I don't think this is true, but I don't know this for sure.
From what I have read it seems that 'only' Bloomberg, Meta and Microsoft that uses c++ with exceptions.
And since both microsoft and meta are adopting rust in their services it seems to me that they are looking for another language than C++. (why else adopt a new language?)
LLVM has been for quite some time driven by Apple and Google.
WebKit, another Apple child.
Qt, it has to support environments where exceptions are not allowed, otherwise they would be losing customers, specially since Qt is older than C++98.
gcc, was initially written in C, and for quite long time had a mixed code base with minimal C++.
The companies adopting Rust aren't doing so because of lack of exceptions, they would still adopt Rust if the language had exceptions support (which panic and std::ops::Try kind of are), rather due to the type safety that C and C++ aren't able to provide.
You would be surprised how many games actually do support exceptions.

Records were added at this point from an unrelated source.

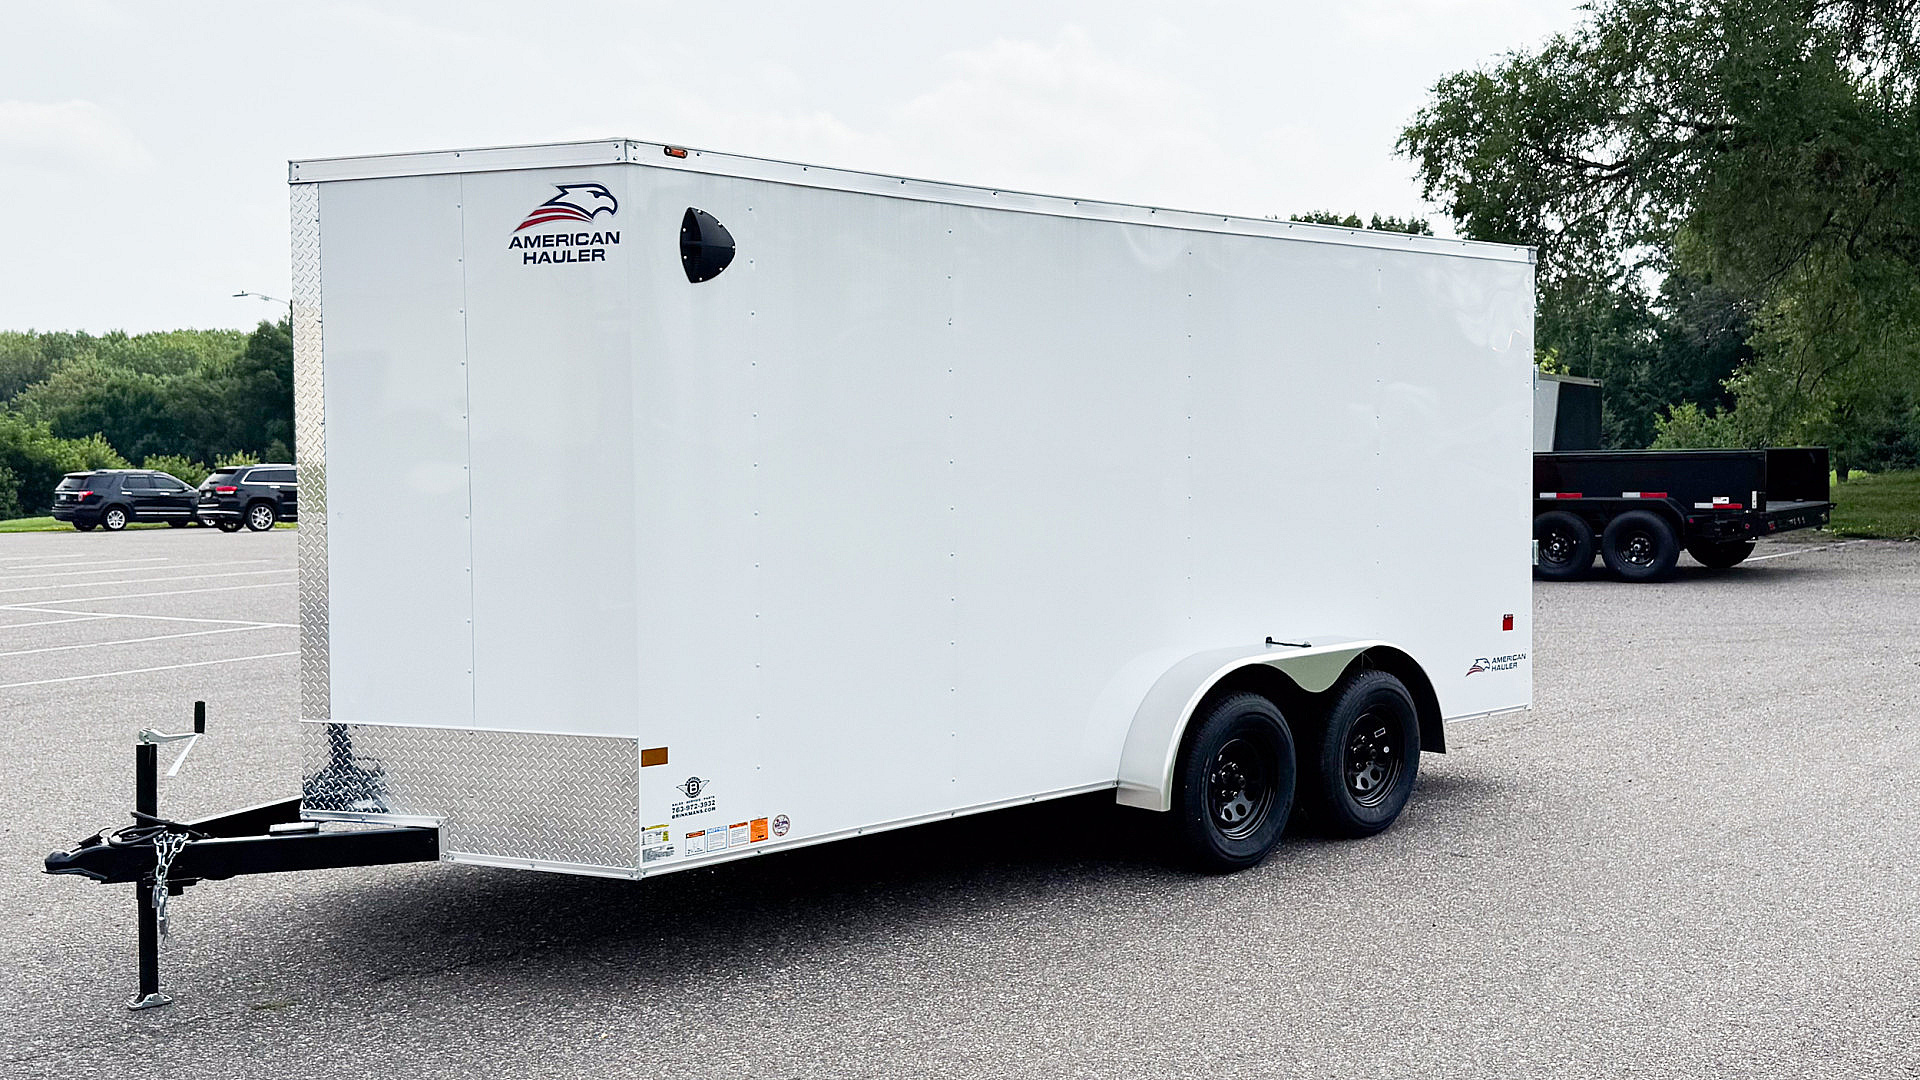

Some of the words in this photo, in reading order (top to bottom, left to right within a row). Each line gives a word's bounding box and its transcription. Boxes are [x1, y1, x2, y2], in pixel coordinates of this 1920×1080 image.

[508, 231, 620, 249] AMERICAN
[523, 248, 606, 265] HAULER
[1491, 653, 1527, 664] AMERICAN
[1491, 662, 1518, 671] HAULER
[672, 800, 715, 813] 763-972-3932

And since both microsoft and meta are adopting rust in their services it seems to me that they are looking for another language than C++. (why else adopt a new language?)

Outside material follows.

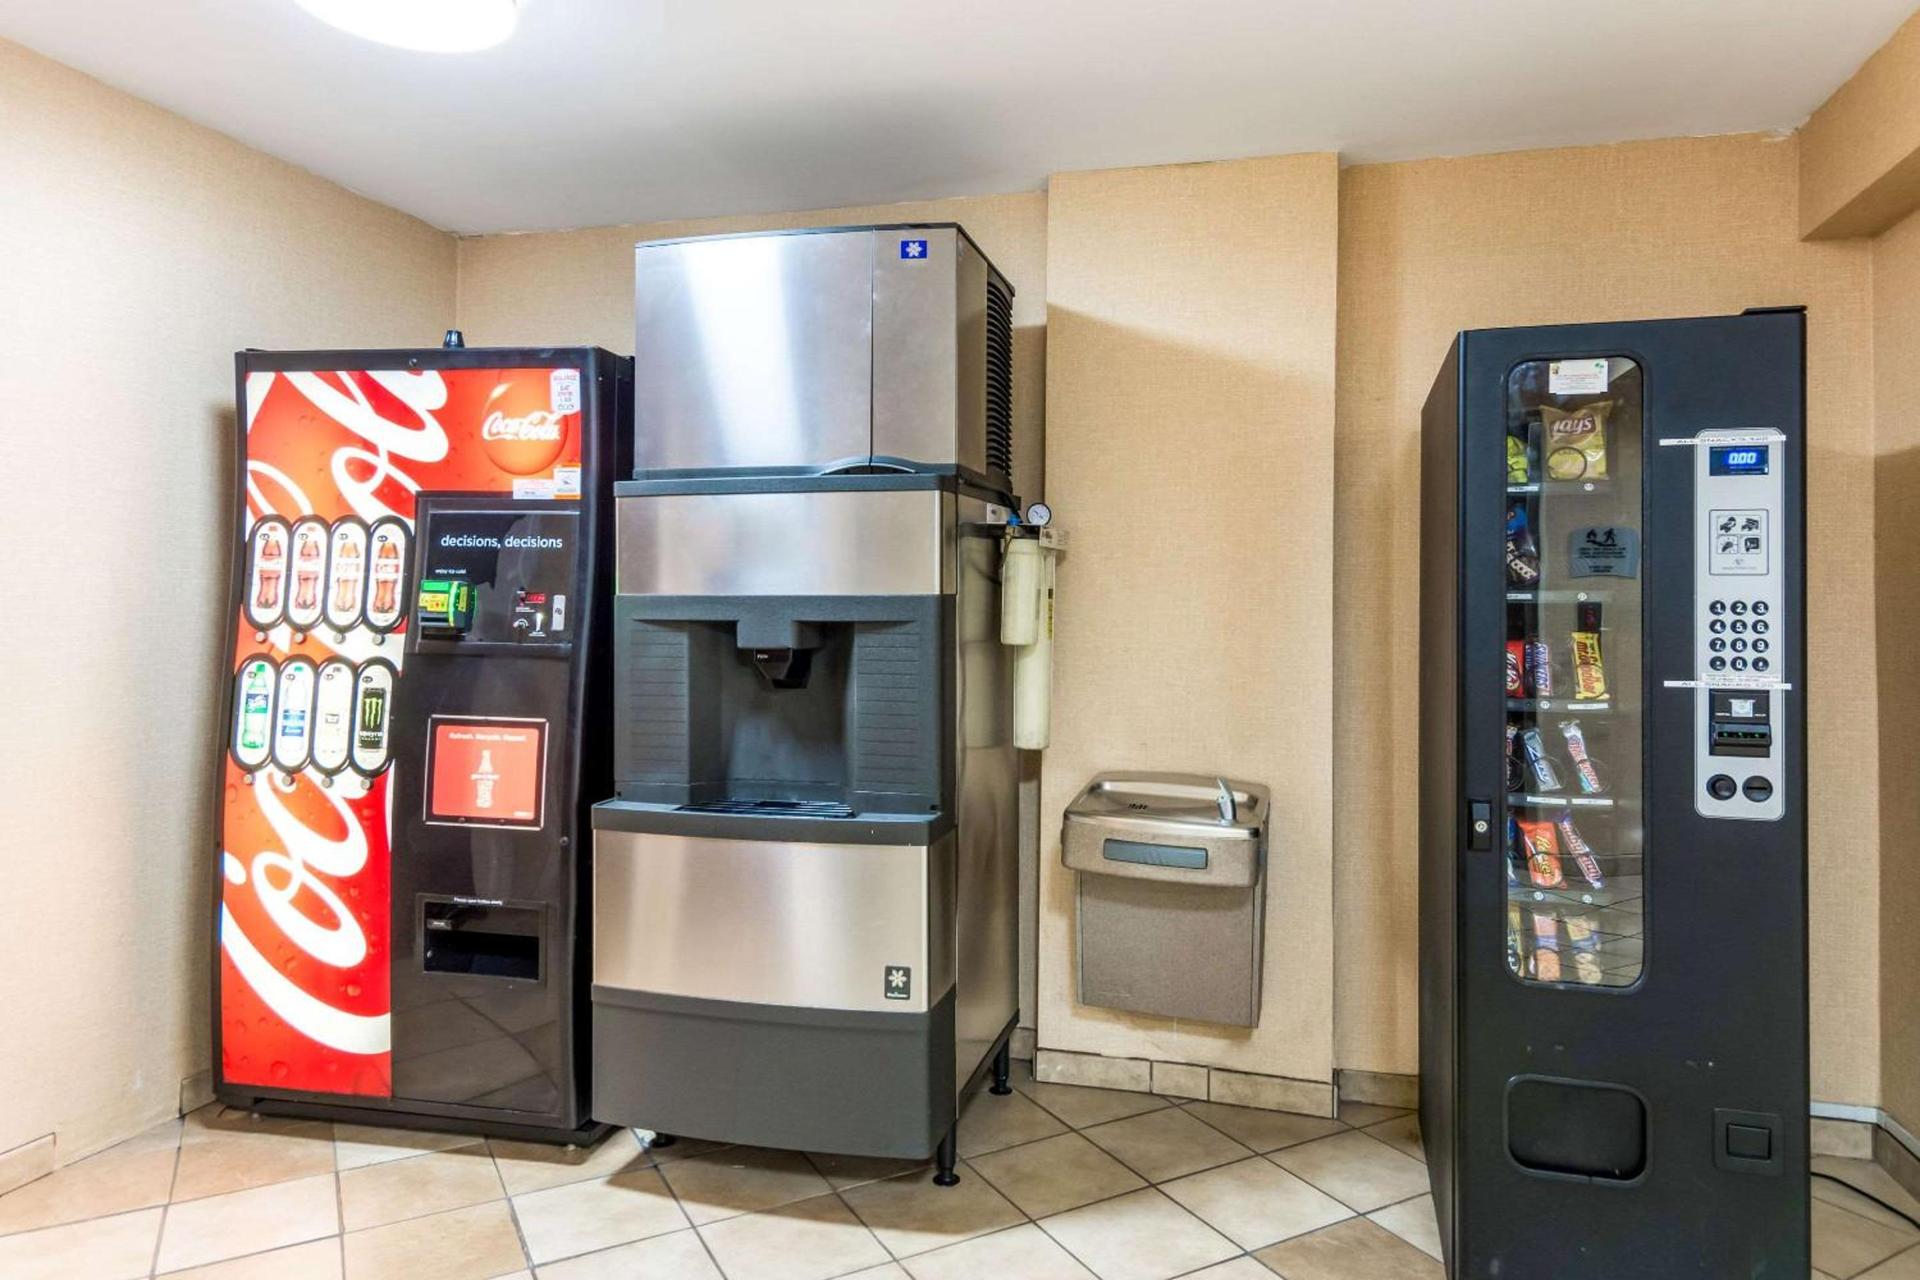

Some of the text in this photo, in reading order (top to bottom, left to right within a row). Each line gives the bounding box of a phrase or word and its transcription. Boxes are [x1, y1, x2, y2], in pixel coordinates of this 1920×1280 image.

[481, 410, 563, 441] Coca-Cola
[440, 534, 563, 549] decisions, decisions

Following seems not to use exceptions(?)
LLVM: https://llvm.org/docs/CodingStandards.html#do-not-use-rtti-o...
AWS: (seems to be using Google's guidelines to be fair)
Webkit: https://gist.github.com/derofim/df604f2bf65a506223464e3ffd96...
Qt: https://doc.qt.io/qt-6/exceptionsafety.html
gcc: https://gcc.gnu.org/codingconventions.html#Exceptions
Unreal: (not totally sure, but I think it uses error codes internally)
Most of the embedded world. + any console game you ever played or heard of.